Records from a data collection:
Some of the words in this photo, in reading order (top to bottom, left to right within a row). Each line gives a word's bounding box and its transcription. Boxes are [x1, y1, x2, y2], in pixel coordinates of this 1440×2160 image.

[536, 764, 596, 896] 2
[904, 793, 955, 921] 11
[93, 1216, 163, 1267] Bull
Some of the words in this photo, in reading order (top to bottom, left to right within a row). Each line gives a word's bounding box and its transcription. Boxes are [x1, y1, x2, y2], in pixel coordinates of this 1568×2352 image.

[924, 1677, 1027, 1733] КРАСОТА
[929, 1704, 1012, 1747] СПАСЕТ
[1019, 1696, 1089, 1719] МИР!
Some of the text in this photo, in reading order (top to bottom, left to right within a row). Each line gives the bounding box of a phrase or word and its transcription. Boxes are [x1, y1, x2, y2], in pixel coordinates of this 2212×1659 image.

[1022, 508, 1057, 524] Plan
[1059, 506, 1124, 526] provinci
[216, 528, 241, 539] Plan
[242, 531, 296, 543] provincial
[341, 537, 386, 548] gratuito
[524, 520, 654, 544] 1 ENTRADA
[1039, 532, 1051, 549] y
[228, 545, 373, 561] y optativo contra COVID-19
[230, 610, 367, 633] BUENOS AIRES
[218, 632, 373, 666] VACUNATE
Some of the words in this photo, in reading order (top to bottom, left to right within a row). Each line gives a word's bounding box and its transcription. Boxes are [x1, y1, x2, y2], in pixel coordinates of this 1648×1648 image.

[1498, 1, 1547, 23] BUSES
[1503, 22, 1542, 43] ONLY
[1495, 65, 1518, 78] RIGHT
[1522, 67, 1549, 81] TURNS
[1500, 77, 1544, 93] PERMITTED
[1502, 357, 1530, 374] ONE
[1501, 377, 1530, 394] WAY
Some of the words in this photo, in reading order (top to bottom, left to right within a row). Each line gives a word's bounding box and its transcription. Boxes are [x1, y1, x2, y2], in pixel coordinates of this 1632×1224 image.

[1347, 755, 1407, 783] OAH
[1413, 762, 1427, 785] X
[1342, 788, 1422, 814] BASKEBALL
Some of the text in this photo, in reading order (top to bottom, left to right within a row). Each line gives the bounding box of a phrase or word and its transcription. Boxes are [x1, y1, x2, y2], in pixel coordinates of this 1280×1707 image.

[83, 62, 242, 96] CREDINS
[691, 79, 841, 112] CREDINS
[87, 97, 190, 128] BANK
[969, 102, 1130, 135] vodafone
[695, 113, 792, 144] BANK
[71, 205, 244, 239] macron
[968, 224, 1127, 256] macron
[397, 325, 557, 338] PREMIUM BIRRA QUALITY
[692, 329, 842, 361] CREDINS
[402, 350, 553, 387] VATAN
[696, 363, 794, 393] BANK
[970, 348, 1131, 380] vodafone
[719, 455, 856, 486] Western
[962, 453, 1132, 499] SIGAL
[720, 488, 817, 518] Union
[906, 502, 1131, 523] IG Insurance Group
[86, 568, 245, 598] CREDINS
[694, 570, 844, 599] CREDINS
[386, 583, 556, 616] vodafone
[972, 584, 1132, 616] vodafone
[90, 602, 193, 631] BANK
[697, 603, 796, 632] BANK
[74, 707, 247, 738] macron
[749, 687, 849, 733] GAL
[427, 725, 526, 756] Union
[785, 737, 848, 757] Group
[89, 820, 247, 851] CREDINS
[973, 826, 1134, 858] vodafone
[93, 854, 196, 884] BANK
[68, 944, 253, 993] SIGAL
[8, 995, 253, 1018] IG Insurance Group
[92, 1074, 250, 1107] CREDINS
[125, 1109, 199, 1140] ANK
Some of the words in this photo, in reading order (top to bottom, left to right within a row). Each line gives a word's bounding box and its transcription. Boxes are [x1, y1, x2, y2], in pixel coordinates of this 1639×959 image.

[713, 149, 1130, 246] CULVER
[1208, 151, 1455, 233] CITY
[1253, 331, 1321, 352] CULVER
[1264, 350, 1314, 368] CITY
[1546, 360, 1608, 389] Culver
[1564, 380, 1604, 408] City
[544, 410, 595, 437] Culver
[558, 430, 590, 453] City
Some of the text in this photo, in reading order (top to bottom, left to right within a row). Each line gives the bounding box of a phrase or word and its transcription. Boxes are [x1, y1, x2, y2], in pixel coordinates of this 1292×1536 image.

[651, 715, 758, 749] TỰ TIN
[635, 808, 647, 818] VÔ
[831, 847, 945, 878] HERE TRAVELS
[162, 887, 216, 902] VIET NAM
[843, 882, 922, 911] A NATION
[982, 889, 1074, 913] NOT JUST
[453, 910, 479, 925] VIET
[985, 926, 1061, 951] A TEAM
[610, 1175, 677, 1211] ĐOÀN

■ **Your objective**: What this exercise asks for is the data above, retyped exactly.

■ **Exercise output**:
Some of the words in this photo, in reading order (top to bottom, left to right within a row). Each line gives a word's bounding box and its transcription. Boxes are [x1, y1, x2, y2], in pixel coordinates of this 1440×2160 image.

[536, 764, 596, 896] 2
[904, 793, 955, 921] 11
[93, 1216, 163, 1267] Bull
Some of the words in this photo, in reading order (top to bottom, left to right within a row). Each line gives a word's bounding box and its transcription. Boxes are [x1, y1, x2, y2], in pixel coordinates of this 1568×2352 image.

[924, 1677, 1027, 1733] КРАСОТА
[929, 1704, 1012, 1747] СПАСЕТ
[1019, 1696, 1089, 1719] МИР!
Some of the text in this photo, in reading order (top to bottom, left to right within a row). Each line gives the bounding box of a phrase or word and its transcription. Boxes are [x1, y1, x2, y2], in pixel coordinates of this 2212×1659 image.

[1022, 508, 1057, 524] Plan
[1059, 506, 1124, 526] provinci
[216, 528, 241, 539] Plan
[242, 531, 296, 543] provincial
[341, 537, 386, 548] gratuito
[524, 520, 654, 544] 1 ENTRADA
[1039, 532, 1051, 549] y
[228, 545, 373, 561] y optativo contra COVID-19
[230, 610, 367, 633] BUENOS AIRES
[218, 632, 373, 666] VACUNATE
Some of the words in this photo, in reading order (top to bottom, left to right within a row). Each line gives a word's bounding box and its transcription. Boxes are [x1, y1, x2, y2], in pixel coordinates of this 1648×1648 image.

[1498, 1, 1547, 23] BUSES
[1503, 22, 1542, 43] ONLY
[1495, 65, 1518, 78] RIGHT
[1522, 67, 1549, 81] TURNS
[1500, 77, 1544, 93] PERMITTED
[1502, 357, 1530, 374] ONE
[1501, 377, 1530, 394] WAY
Some of the words in this photo, in reading order (top to bottom, left to right within a row). Each line gives a word's bounding box and its transcription. Boxes are [x1, y1, x2, y2], in pixel coordinates of this 1632×1224 image.

[1347, 755, 1407, 783] OAH
[1413, 762, 1427, 785] X
[1342, 788, 1422, 814] BASKEBALL
Some of the text in this photo, in reading order (top to bottom, left to right within a row). Each line gives the bounding box of a phrase or word and its transcription. Boxes are [x1, y1, x2, y2], in pixel coordinates of this 1280×1707 image.

[83, 62, 242, 96] CREDINS
[691, 79, 841, 112] CREDINS
[87, 97, 190, 128] BANK
[969, 102, 1130, 135] vodafone
[695, 113, 792, 144] BANK
[71, 205, 244, 239] macron
[968, 224, 1127, 256] macron
[397, 325, 557, 338] PREMIUM BIRRA QUALITY
[692, 329, 842, 361] CREDINS
[402, 350, 553, 387] VATAN
[696, 363, 794, 393] BANK
[970, 348, 1131, 380] vodafone
[719, 455, 856, 486] Western
[962, 453, 1132, 499] SIGAL
[720, 488, 817, 518] Union
[906, 502, 1131, 523] IG Insurance Group
[86, 568, 245, 598] CREDINS
[694, 570, 844, 599] CREDINS
[386, 583, 556, 616] vodafone
[972, 584, 1132, 616] vodafone
[90, 602, 193, 631] BANK
[697, 603, 796, 632] BANK
[74, 707, 247, 738] macron
[749, 687, 849, 733] GAL
[427, 725, 526, 756] Union
[785, 737, 848, 757] Group
[89, 820, 247, 851] CREDINS
[973, 826, 1134, 858] vodafone
[93, 854, 196, 884] BANK
[68, 944, 253, 993] SIGAL
[8, 995, 253, 1018] IG Insurance Group
[92, 1074, 250, 1107] CREDINS
[125, 1109, 199, 1140] ANK
Some of the words in this photo, in reading order (top to bottom, left to right within a row). Each line gives a word's bounding box and its transcription. Boxes are [x1, y1, x2, y2], in pixel coordinates of this 1639×959 image.

[713, 149, 1130, 246] CULVER
[1208, 151, 1455, 233] CITY
[1253, 331, 1321, 352] CULVER
[1264, 350, 1314, 368] CITY
[1546, 360, 1608, 389] Culver
[1564, 380, 1604, 408] City
[544, 410, 595, 437] Culver
[558, 430, 590, 453] City
Some of the text in this photo, in reading order (top to bottom, left to right within a row). Each line gives the bounding box of a phrase or word and its transcription. Boxes are [x1, y1, x2, y2], in pixel coordinates of this 1292×1536 image.

[651, 715, 758, 749] TỰ TIN
[635, 808, 647, 818] VÔ
[831, 847, 945, 878] HERE TRAVELS
[162, 887, 216, 902] VIET NAM
[843, 882, 922, 911] A NATION
[982, 889, 1074, 913] NOT JUST
[453, 910, 479, 925] VIET
[985, 926, 1061, 951] A TEAM
[610, 1175, 677, 1211] ĐOÀN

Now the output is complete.